[Supplied data — start]
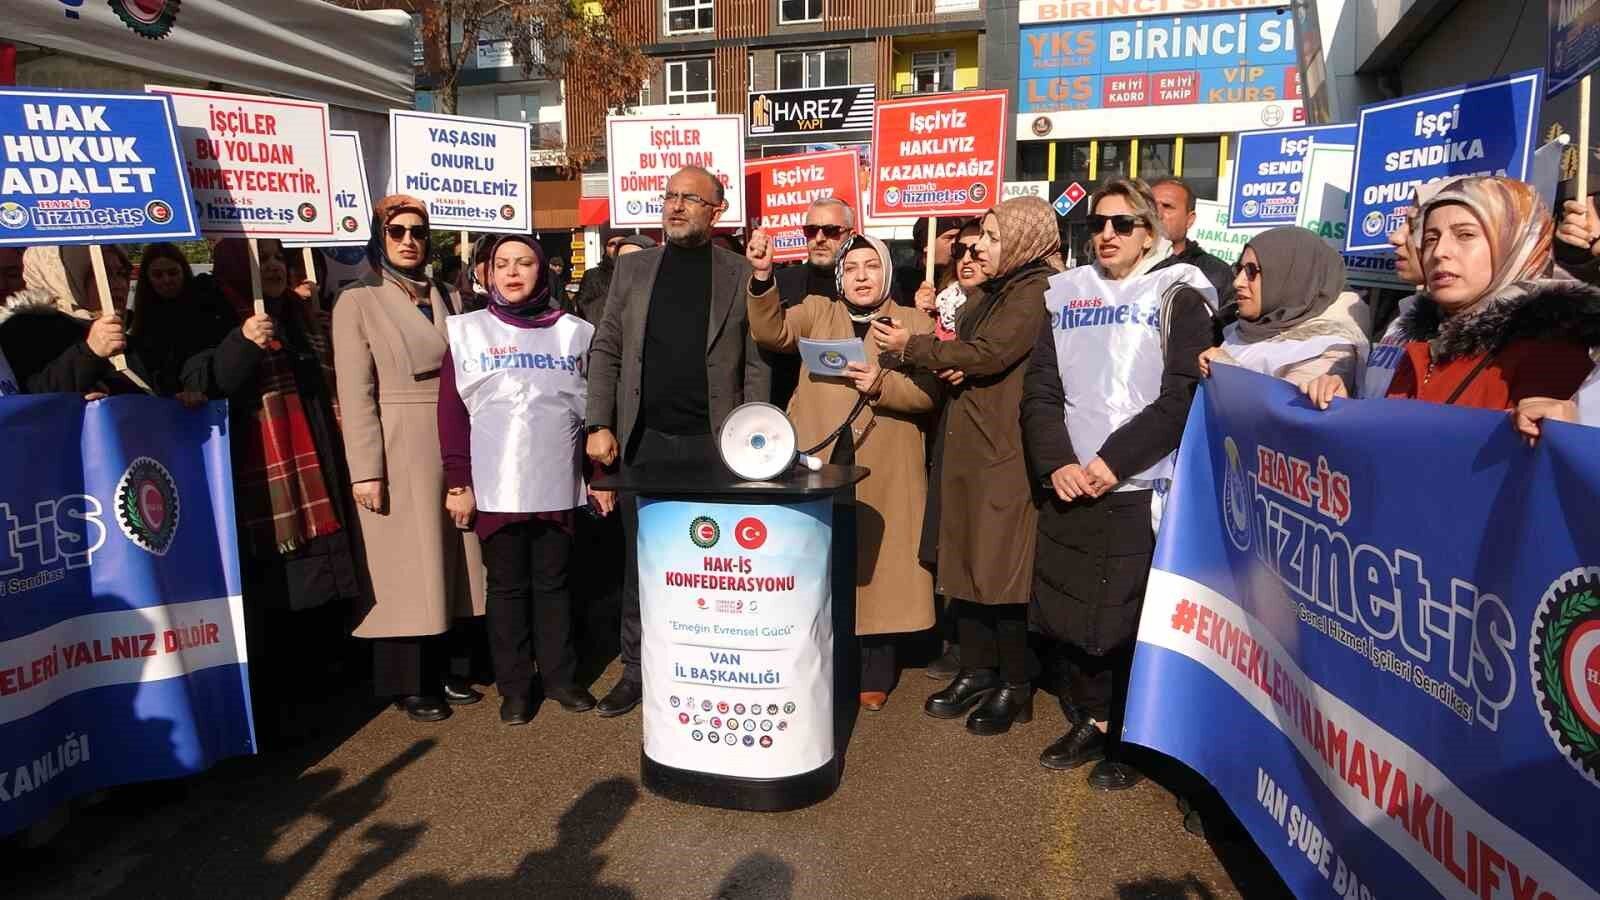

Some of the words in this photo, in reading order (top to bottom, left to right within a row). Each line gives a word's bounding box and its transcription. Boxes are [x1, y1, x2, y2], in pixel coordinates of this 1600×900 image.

[1028, 31, 1095, 57] YKS
[1109, 14, 1246, 62] BİRİNCİ
[1160, 78, 1174, 87] EN
[1177, 76, 1191, 86] İYİ
[1223, 60, 1265, 83] VİP
[1028, 76, 1093, 103] LGS
[1112, 81, 1126, 91] EN
[1128, 79, 1142, 89] İYİ
[1160, 88, 1191, 100] TAKİP
[1208, 86, 1276, 103] KURS
[1109, 92, 1144, 102] KADRO
[23, 104, 111, 133] HAK
[209, 103, 276, 136] İŞÇİLER
[774, 98, 844, 121] HAREZ
[909, 108, 968, 133] İŞÇİYİZ
[1414, 104, 1460, 139] İŞÇİ
[428, 127, 497, 148] YAŞASIN
[650, 126, 701, 150] İŞÇİLER
[899, 135, 975, 157] HAKLIYIZ
[5, 135, 142, 163] HUKUK
[196, 138, 219, 160] BU
[228, 142, 293, 165] YOLDAN
[1384, 137, 1485, 172] SENDİKA
[430, 151, 494, 172] ONURLU
[640, 153, 656, 169] BU
[660, 152, 713, 169] YOLDAN
[879, 158, 995, 182] KAZANACAĞIZ
[1258, 160, 1304, 176] SEND
[1, 168, 156, 194] ADALET
[189, 163, 321, 195] ÖNMEYECEKTİR.
[406, 175, 518, 197] MÜCADELEMİZ
[772, 165, 825, 187] İŞÇİYİZ
[766, 188, 834, 207] HAKLIYIZ
[1242, 181, 1287, 197] OMUZ
[208, 203, 294, 223] hizmet-iş
[430, 203, 497, 220] hizmet-iş
[1197, 228, 1252, 245] HAKLAR
[480, 352, 577, 375] hizmet-iş
[1257, 445, 1351, 526] HAK-İŞ
[703, 556, 752, 574] HAK-İŞ
[666, 572, 795, 592] KONFEDERASYONU
[1248, 470, 1516, 731] hizmet-iş
[669, 620, 710, 634] "Emeğin
[714, 625, 758, 636] Evrensel
[63, 633, 157, 669] YALNIZ
[710, 652, 741, 665] VAN
[675, 663, 687, 678] İL
[691, 667, 780, 684] BAŞKANLIĞI
[1328, 618, 1368, 658] Hizmet
[1413, 664, 1474, 725] Sendikası
[1257, 767, 1288, 827] VAN
[1288, 805, 1334, 880] ŞUBE
[Supplied data — finish]
### Task details
Go through the entries and copy every line with "YOLDAN".

### Exercise result
[228, 142, 293, 165] YOLDAN
[660, 152, 713, 169] YOLDAN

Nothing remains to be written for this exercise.